We have a number of custom local coordinate systems at work.

I'm trying to create a well known text coordinate system for each of them however I'm stuck on how to define these systems they .

Some variables i'm aware of. centre of latitude longitdue -27 22 27.1954, 153 10 46.5722 (lat,long) GDA94 Zone56 centre 517760.037, 6972102.441 (E,N).

We set this coordinate to 3800.192,3129.572 then rotate the file about it by -57.975833 and scale it by 1.000400336 (this is a cad move rotate scale operation not a re-projection as such)

The only thing I've come close to getting a similar result has been a stereographic coordinate system ... but this scales in all directions? We require a cylinder type operation as our area of work is more rectangular and it will give greater accuracy along the centre of work. Can anyone help me define a WKT coordinate system for my proect?

updated wkt code ... im not sure on how to define the rest of the coordinate system help?

FITTED_CS["FIG",
      PARAM_MT["Affine", 
               PARAMETER["elt_0_0", 3800.192],
                                 PARAMETER["elt_0_1", 3129.572],
                                 PARAMETER["elt_1_0", -0.53027691844514246],
                                 PARAMETER["elt_1_1", 0.84782450410702548],
                                 PARAMETER["elt_2_0", 0.84782450410702548],
                                 PARAMETER["elt_2_1", 0.53027691844514246]
                                 <need long lat of swing point somewhere?>
              ],

what is exported from my software ...

PROJCS["FIG",
 GEOGCS["FIG",
  DATUM["D_EPSG:6283",
     SPHEROID["EPSG_7019",6378137,298.257222096042]
    ],
    PRIMEM["Greenwich",0],
    UNIT["Degree",0.017453292519943295]
 ],
 PROJECTION["CSMAP:54"],
 PARAMETER["Central_Meridian",0],
 PARAMETER["Latitude_Of_Origin",-27.3742209444444],
 PARAMETER["Scale_Factor",1.000400336],
 PARAMETER["False_Easting",0],
 PARAMETER["False_Northing",0],
 PARAMETER["A0",3800.192],
 PARAMETER["A1",-0.53027691844514246],
 PARAMETER["A2",0.84782450410702548],
 PARAMETER["B0",3129.572],
 PARAMETER["B1",0.84782450410702548],
 PARAMETER["B2",0.53027691844514246],
 UNIT["Meter",1]
]

Answer 1

I'm not a master of how coordinate systems are defined.
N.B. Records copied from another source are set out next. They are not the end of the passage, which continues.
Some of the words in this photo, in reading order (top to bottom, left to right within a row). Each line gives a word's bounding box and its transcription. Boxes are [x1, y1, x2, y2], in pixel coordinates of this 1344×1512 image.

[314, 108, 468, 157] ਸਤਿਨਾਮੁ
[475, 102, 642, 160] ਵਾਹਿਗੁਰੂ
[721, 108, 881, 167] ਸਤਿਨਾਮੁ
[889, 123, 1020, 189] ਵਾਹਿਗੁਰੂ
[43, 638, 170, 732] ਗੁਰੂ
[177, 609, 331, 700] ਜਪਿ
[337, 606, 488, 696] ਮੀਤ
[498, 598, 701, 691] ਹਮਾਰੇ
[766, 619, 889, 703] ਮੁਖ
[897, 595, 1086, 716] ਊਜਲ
However, your "move rotate scale" constitute what's known as an affine transform, and you can describe these in WKT using a a "FITTED_CS" coordinate system and a PARAM_MT["Affine", ...] for the affine matrix parameters.
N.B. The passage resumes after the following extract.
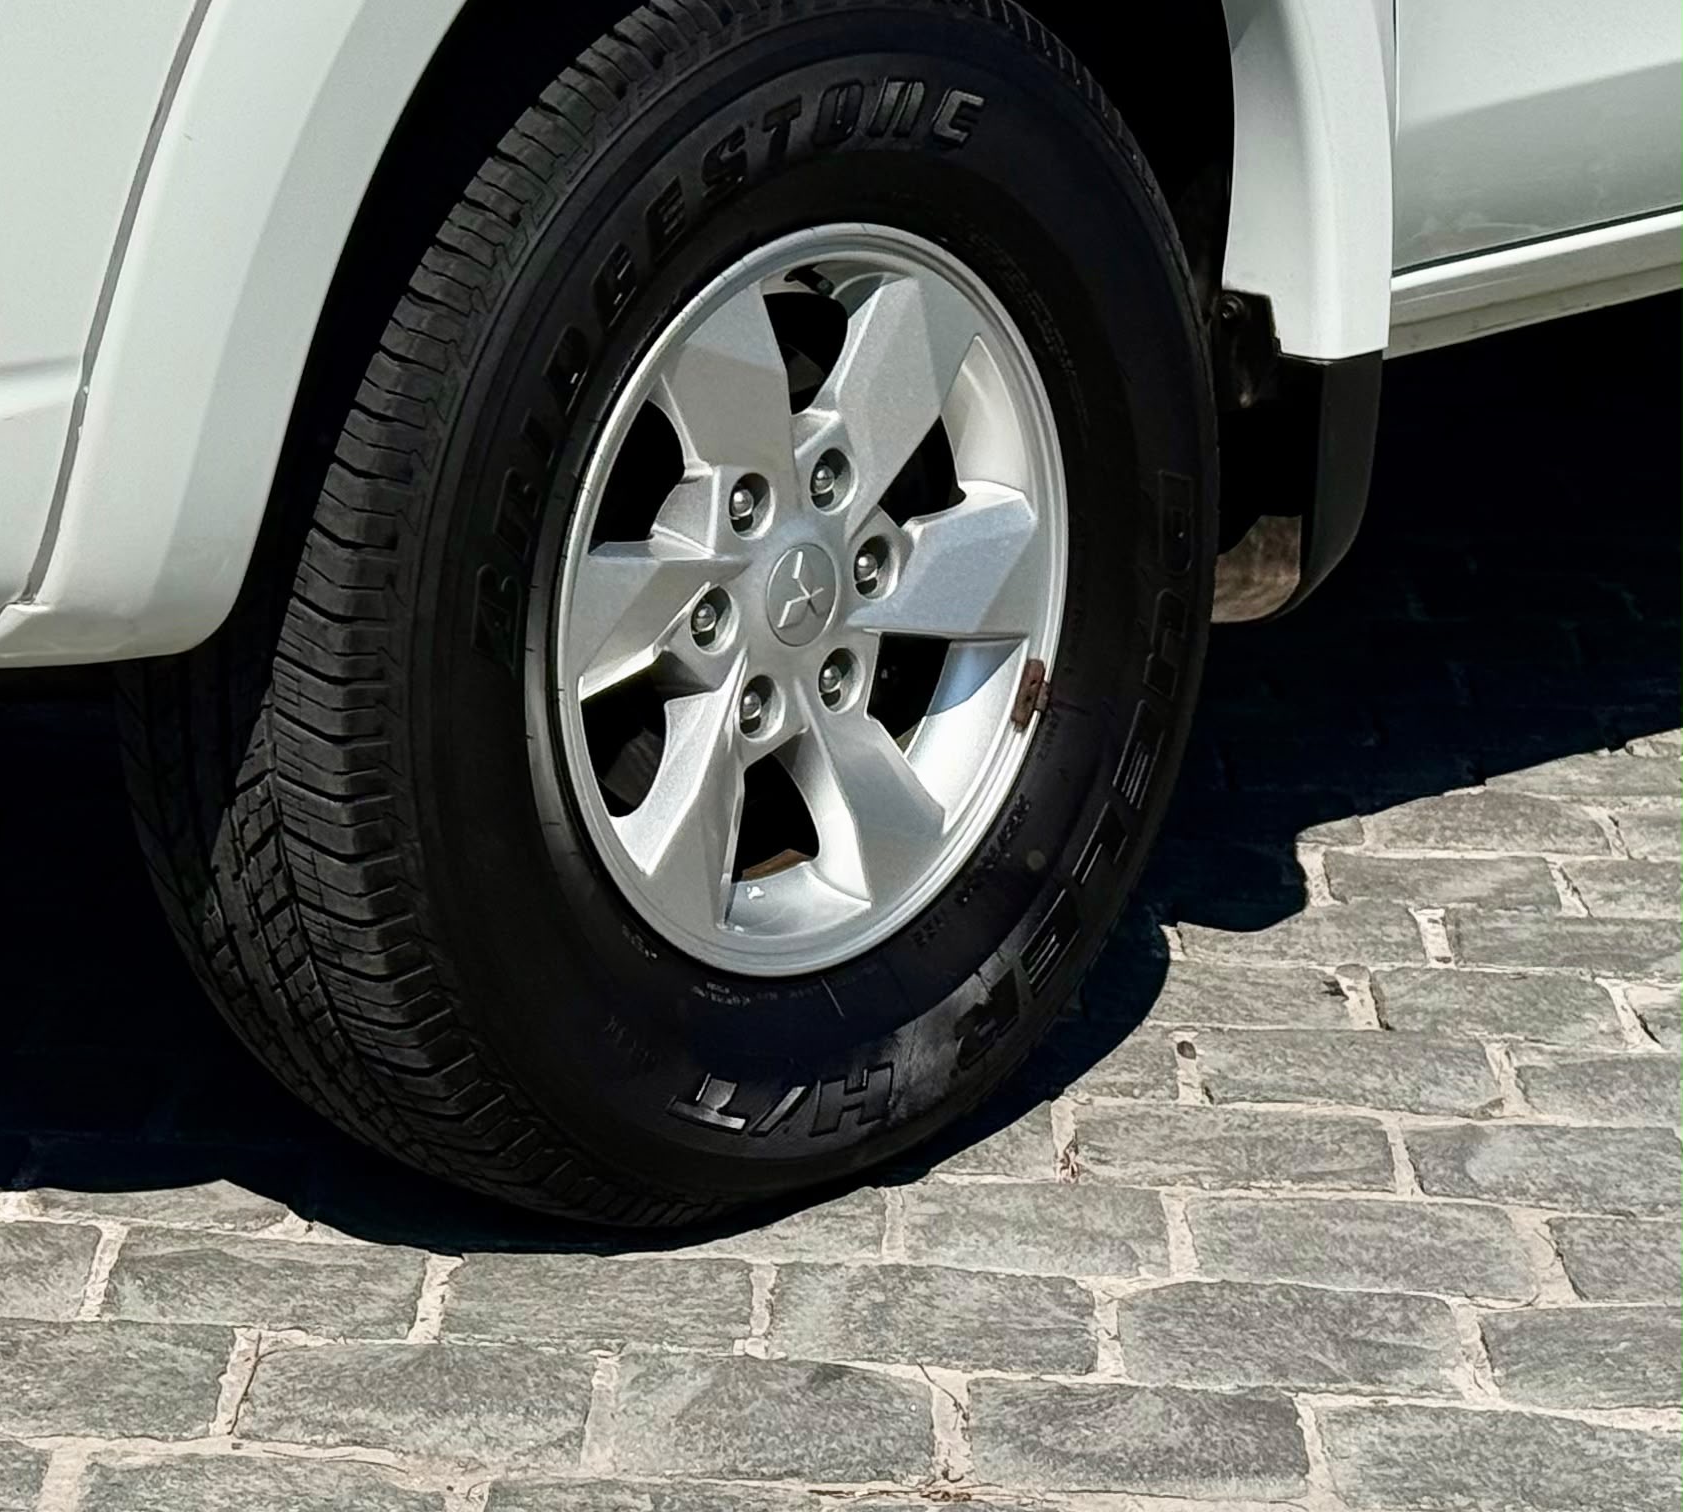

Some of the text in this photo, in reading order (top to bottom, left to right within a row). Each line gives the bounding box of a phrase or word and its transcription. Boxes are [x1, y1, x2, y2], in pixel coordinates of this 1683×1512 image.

The documentation is too sparse and my time too short to figure it all out, but if I understand what you want, the result will look sort of like:

FITTED_CS["Some sort of name here",
          PARAM_MT["Affine", 
                   PARAMETER["num_row",3]
                   <... rest of affine trans here ...>
                  ],
          <The underlying GDA Zone56 spatial reference WKT goes here...>
         ]

I believe -- the documentation sucks! (or I suck at turning it up!) -- that the affine transformation is represented by a homogenous matrix, as described here: http://en.wikipedia.org/wiki/Transformation_matrix#Affine_transformations

The values in the matrix would then be given by something like: ("elt_X_Y" being the pattern. Or maybe it's "elt_Y_X.")
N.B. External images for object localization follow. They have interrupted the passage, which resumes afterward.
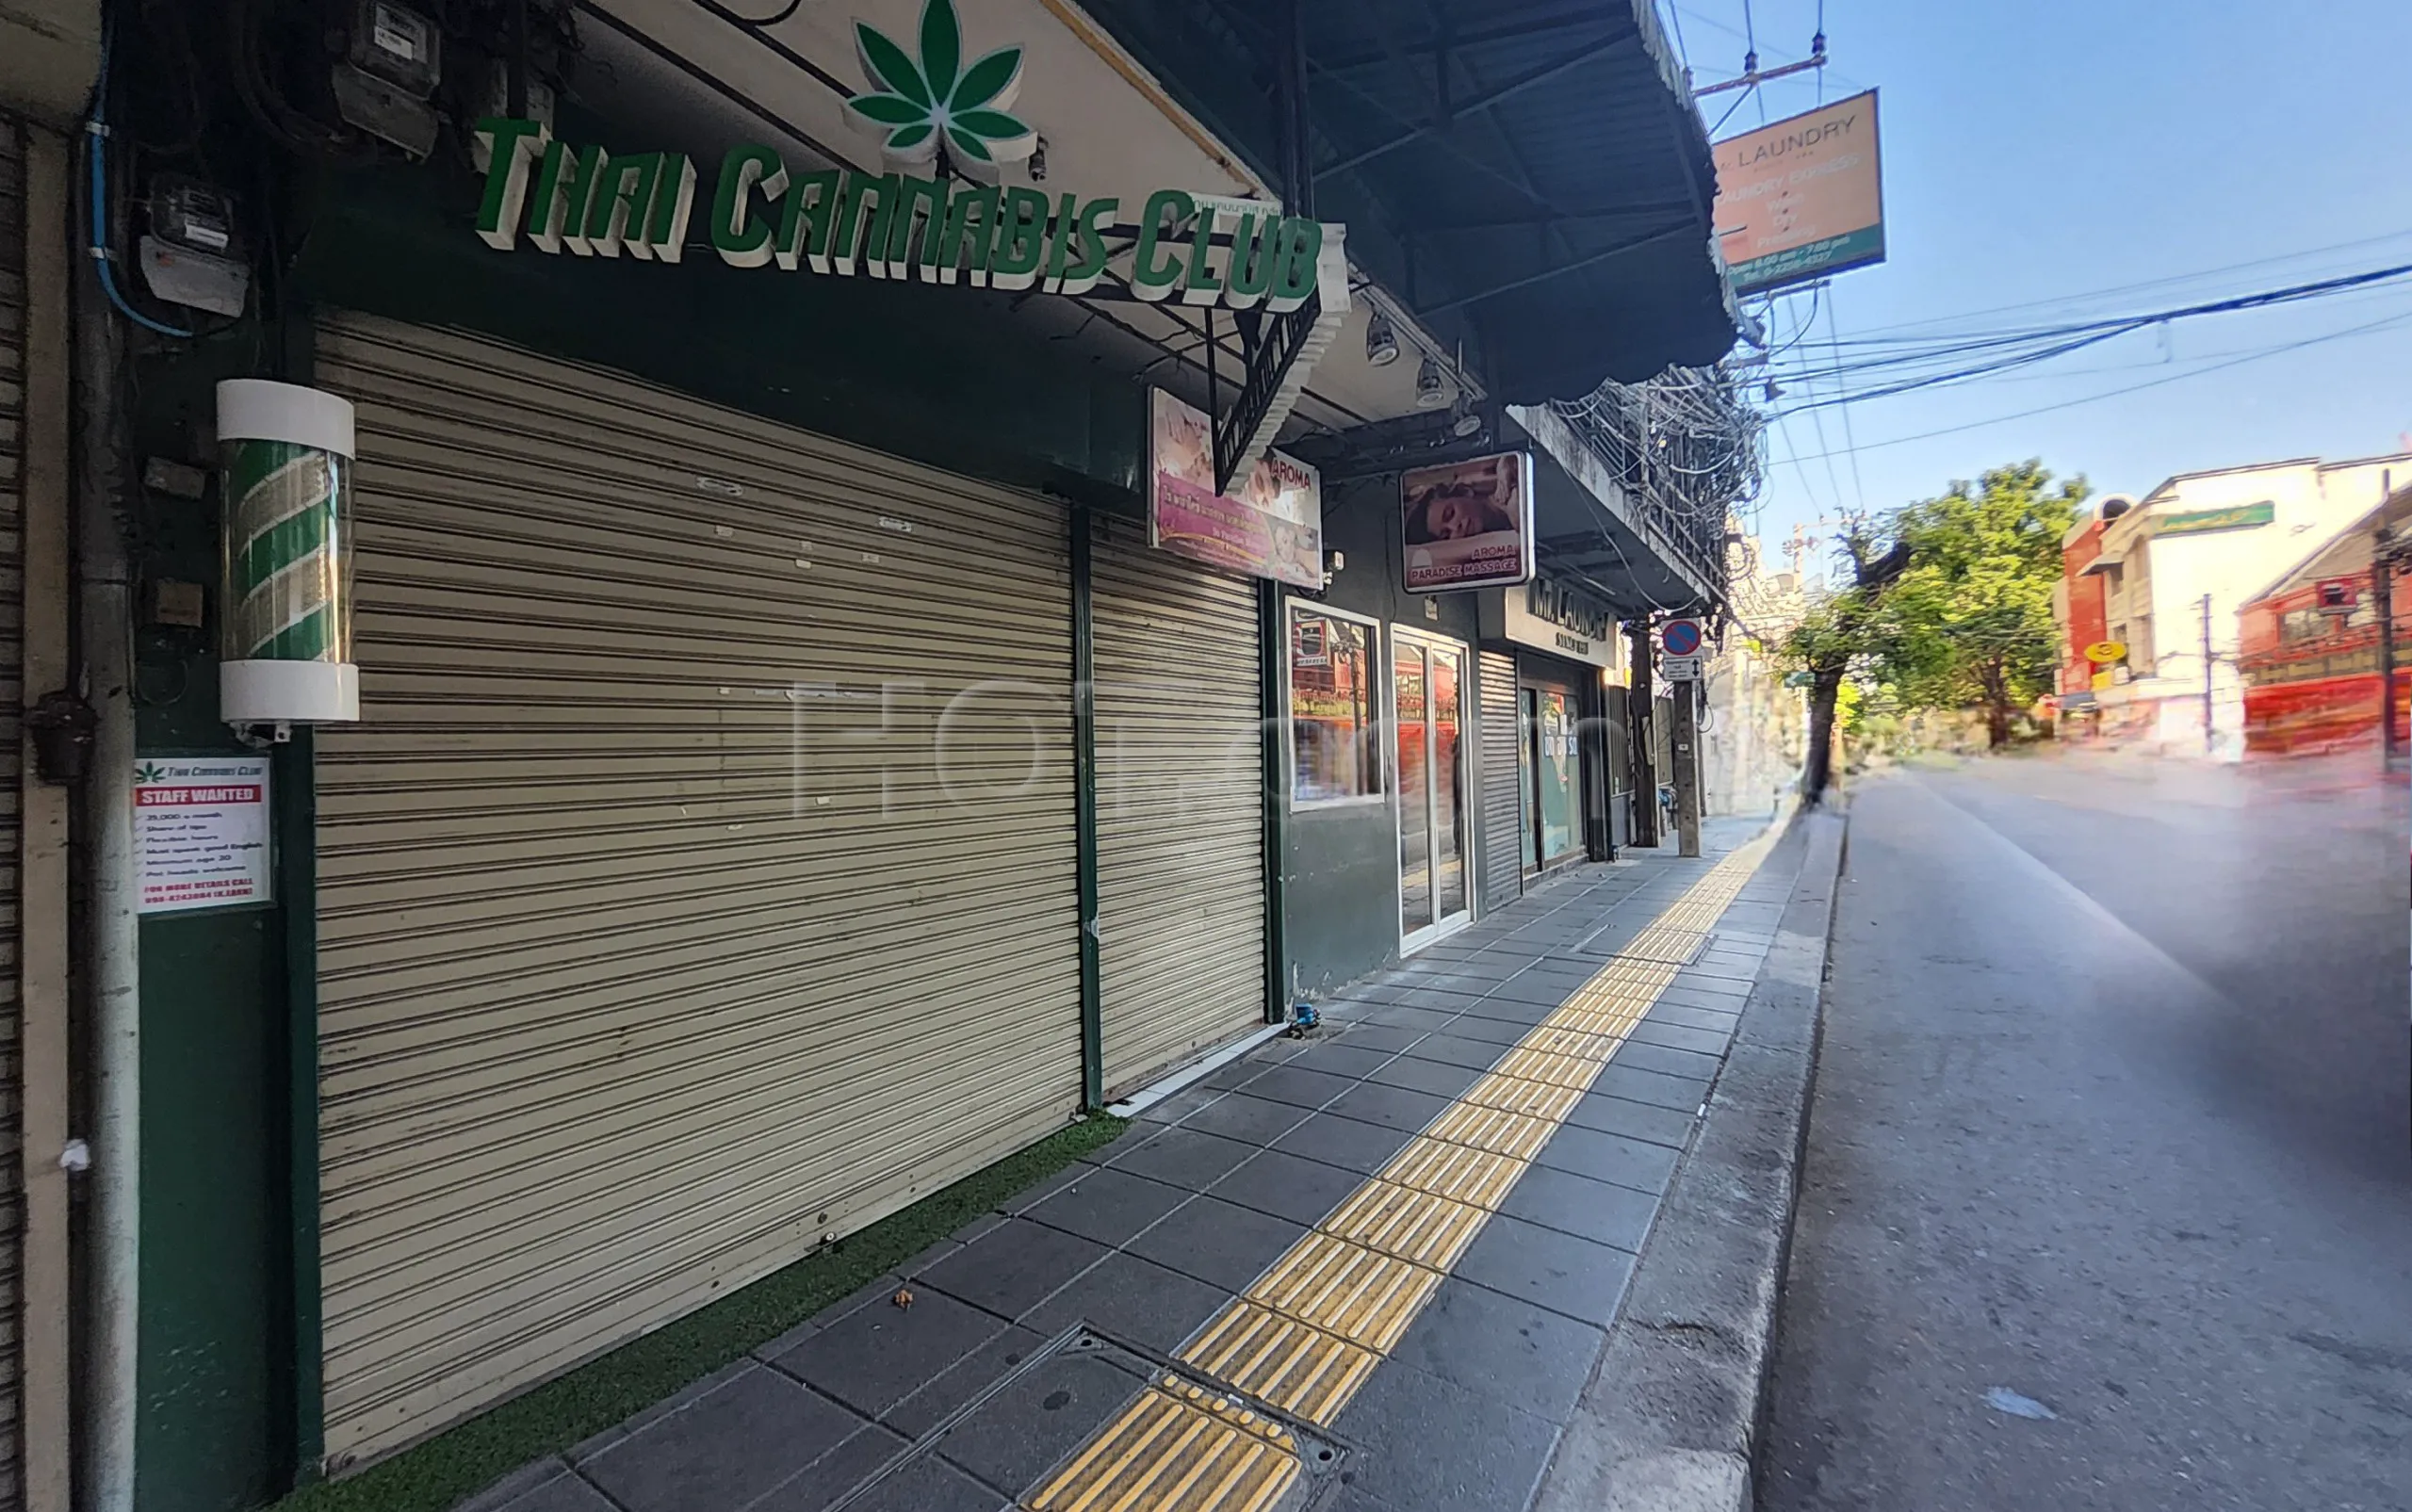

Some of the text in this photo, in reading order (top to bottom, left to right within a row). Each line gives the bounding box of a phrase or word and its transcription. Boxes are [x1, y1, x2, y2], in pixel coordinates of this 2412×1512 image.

[1738, 114, 1856, 168] LAUNDRY
[474, 118, 1322, 313] THAI CANNABIS CLUB
[1272, 459, 1312, 491] AROMA
[1473, 545, 1515, 559] AROMA
[1411, 560, 1516, 580] PARADISE MASSAGE
[142, 788, 253, 804] STAFF WANTED
PARAMETER["elt_0_0", 10.0],
PARAMETER["elt_0_1", 0.0]

It's a Simple Matter Of Math to go from your description ("move here, scale this much, rotate by x") to a matrix -- each step can be turned into a matrix of its own, then you can derive a matrix that represents all steps at once by multiplying them together. Note that you want the transformation from work coordinates to the underlying coordinate system, not the other way around.

Possibly this was helpful in your quest. Hopefully someone can point at better documentation.

A final caveat!: I've no idea how well supported FITTED_CS actually is by GIS software. It's in the standard, however! ;)

Answer 2

I was thinking you should start with a state plane system and modify. using a lambert conformal system should be most like the cad system.